WHAT IS EXPECTED: Any picture in the data below should be skipped, while every line is repeated exactly.
= Beginning of Section =
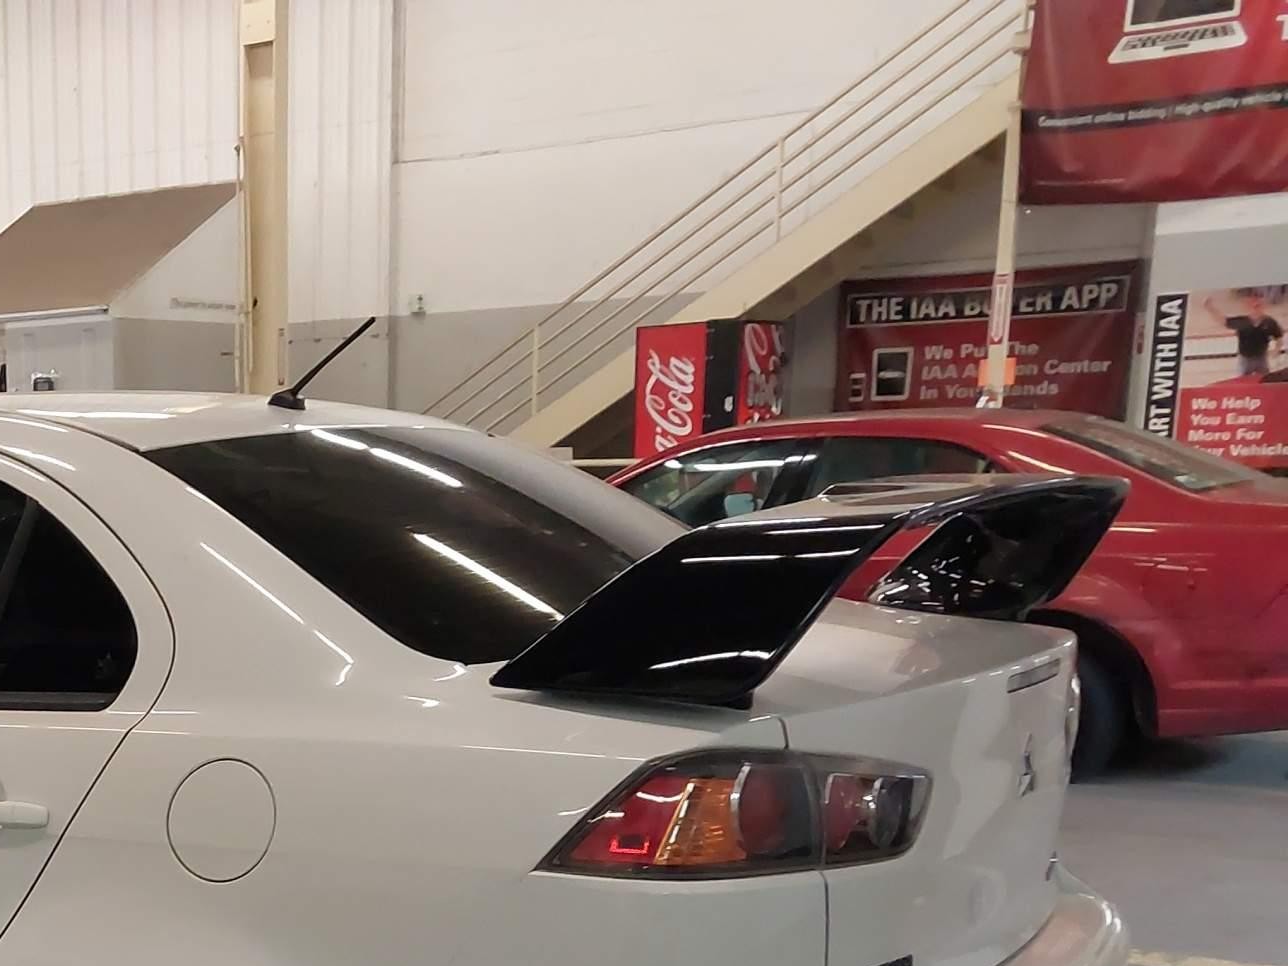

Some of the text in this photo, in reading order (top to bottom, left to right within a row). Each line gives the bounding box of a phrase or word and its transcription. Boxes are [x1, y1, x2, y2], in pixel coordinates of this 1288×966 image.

[855, 297, 904, 322] THE
[910, 296, 956, 319] IAA
[1059, 283, 1118, 310] APP
[1158, 298, 1184, 338] IAA
[924, 345, 954, 360] We
[921, 362, 958, 381] IAA
[1043, 359, 1113, 375] Center
[1152, 343, 1178, 401] WITH
[919, 385, 939, 400] In
[1191, 396, 1262, 412] We Help
[1190, 412, 1265, 426] You Earn
[1188, 428, 1264, 442] More For
= End of Section =
WRITTEN RESPONSE:
Some of the text in this photo, in reading order (top to bottom, left to right within a row). Each line gives the bounding box of a phrase or word and its transcription. Boxes are [x1, y1, x2, y2], in pixel coordinates of this 1288×966 image.

[855, 297, 904, 322] THE
[910, 296, 956, 319] IAA
[1059, 283, 1118, 310] APP
[1158, 298, 1184, 338] IAA
[924, 345, 954, 360] We
[921, 362, 958, 381] IAA
[1043, 359, 1113, 375] Center
[1152, 343, 1178, 401] WITH
[919, 385, 939, 400] In
[1191, 396, 1262, 412] We Help
[1190, 412, 1265, 426] You Earn
[1188, 428, 1264, 442] More For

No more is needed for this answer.